The purpose of this study was to review the clinical outcomes following the use of stereotactic body radiotherapy (SBRT) in patients with metastatic non-small-cell lung cancer (NSCLC) from a large academic institution.
Metastatic NSCLC patients treated with extracranial SBRT were identified from an institutional database. Treatment indications were: (1) oligometastases, (2) oligoprogression, and (3) local control of dominant tumors. Endpoints included overall survival (OS), progression-free survival (PFS), time to starting/changing systemic therapy (SCST), and local failure (LF). Univariate and multivariable analyses were performed to look for predictive factors.

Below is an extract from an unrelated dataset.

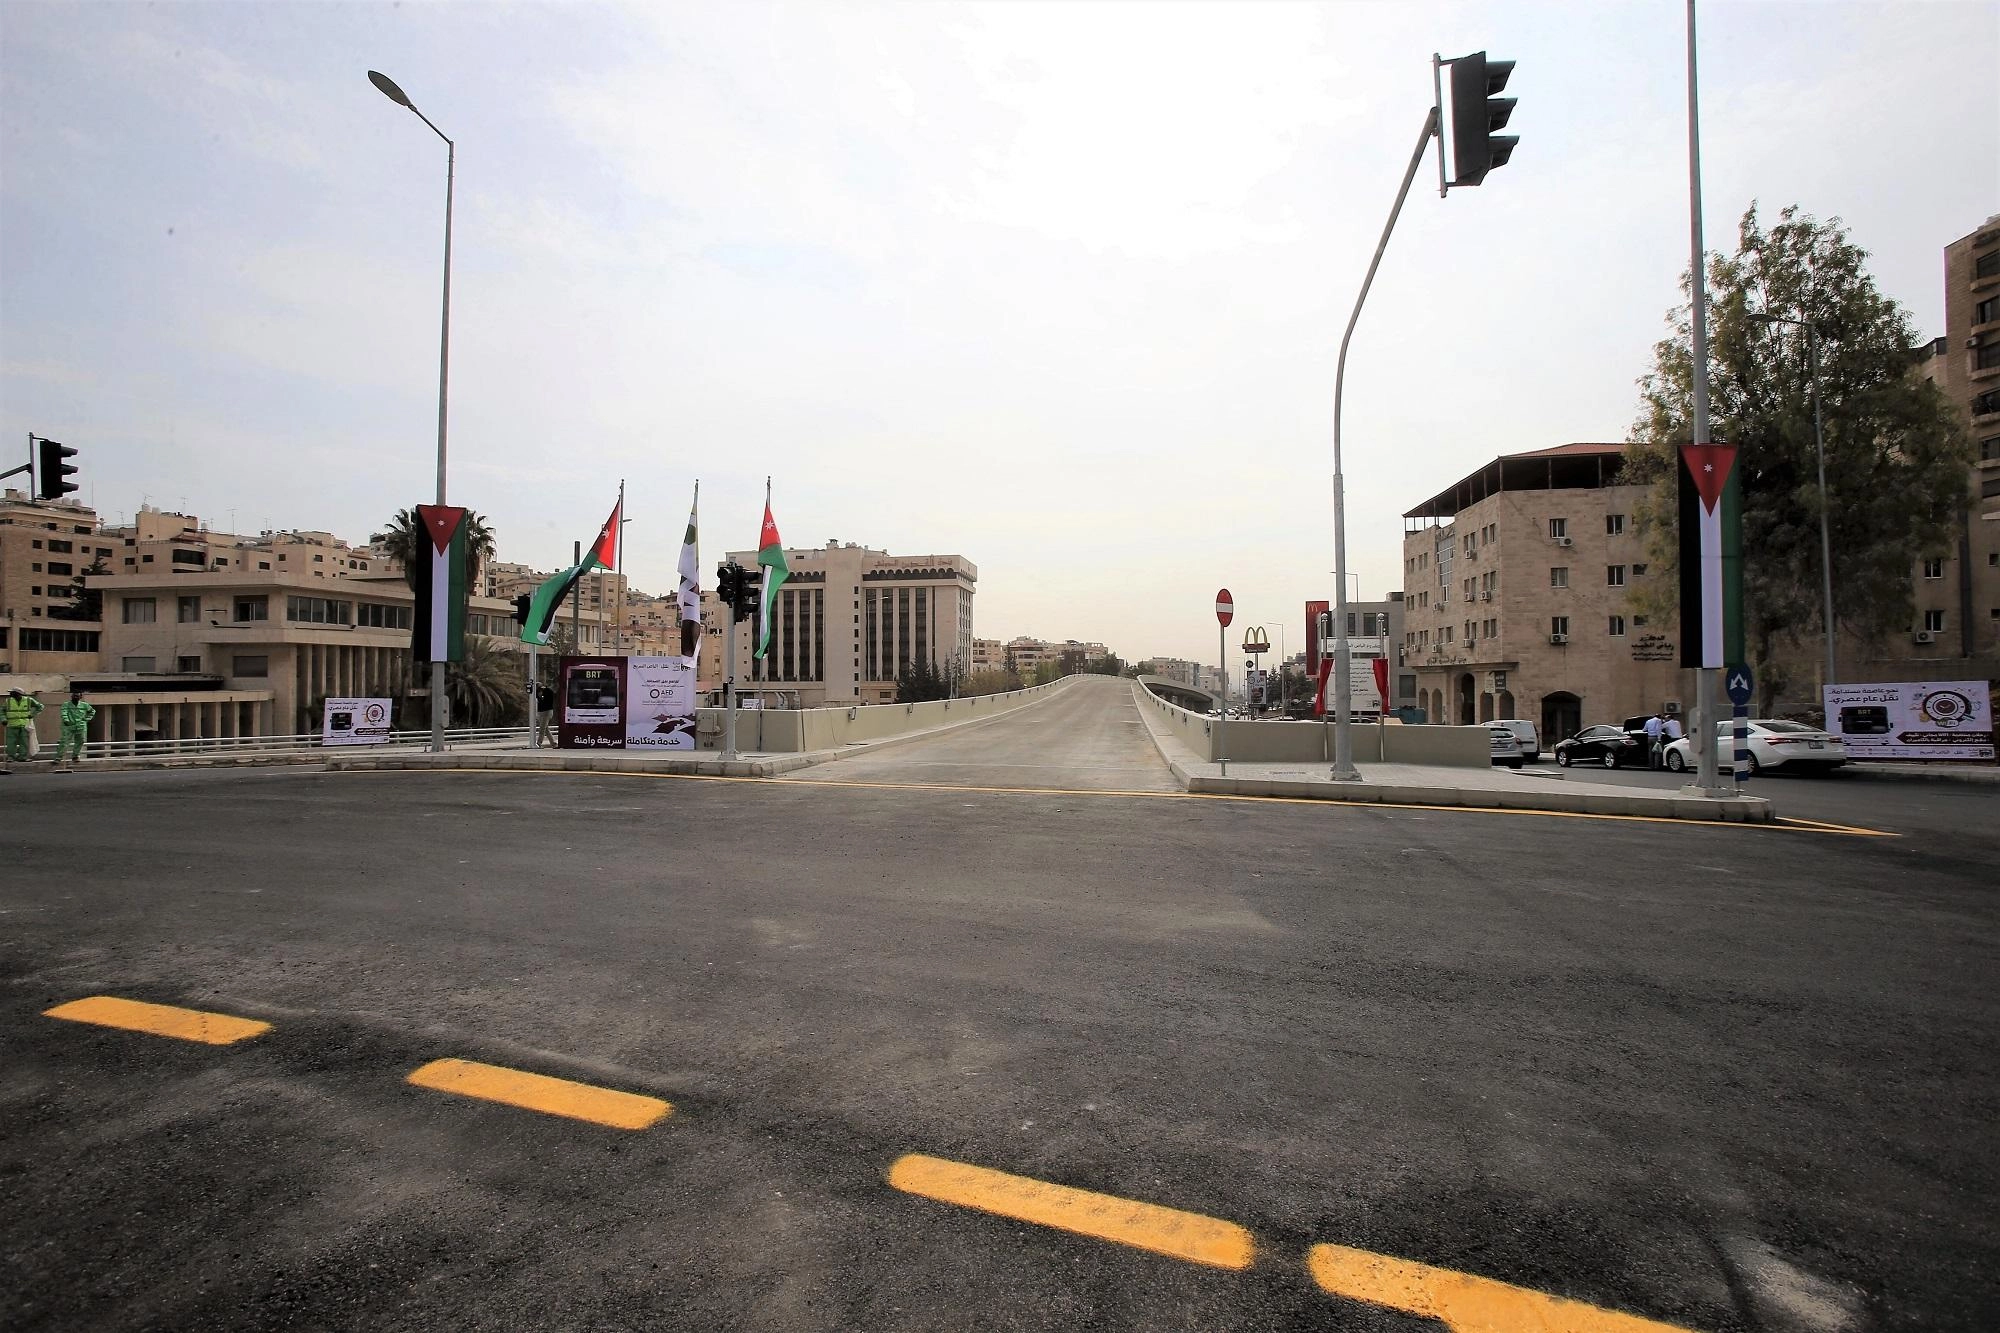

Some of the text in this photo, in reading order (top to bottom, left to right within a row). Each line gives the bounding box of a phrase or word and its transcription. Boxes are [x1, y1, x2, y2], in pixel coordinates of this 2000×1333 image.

108 patients with 165 tumors were treated. SBRT was delivered for oligometastases in 66 patents, for oligoprogression in 20 patients, and for local control in 22 patients. Median OS and PFS for all patients were 27.3 months and 4.4 months, respectively, with treatment indication being the only predictive factor on multivariable analysis (patients with oligometastases having the highest median OS and PFS of 39.3 months and 7.6 months respectively). Cumulative incidence of SCST was only 21.5% at 1 year after SBRT, with larger tumor size and positivity for EGFR/ALK mutation being predictive of higher rates of SCST on multivariable analysis. LF was 15.6% at 1 year, with larger tumor size and exposure to previous systemic therapy being predictive of higher rates of LF on multivariable analysis.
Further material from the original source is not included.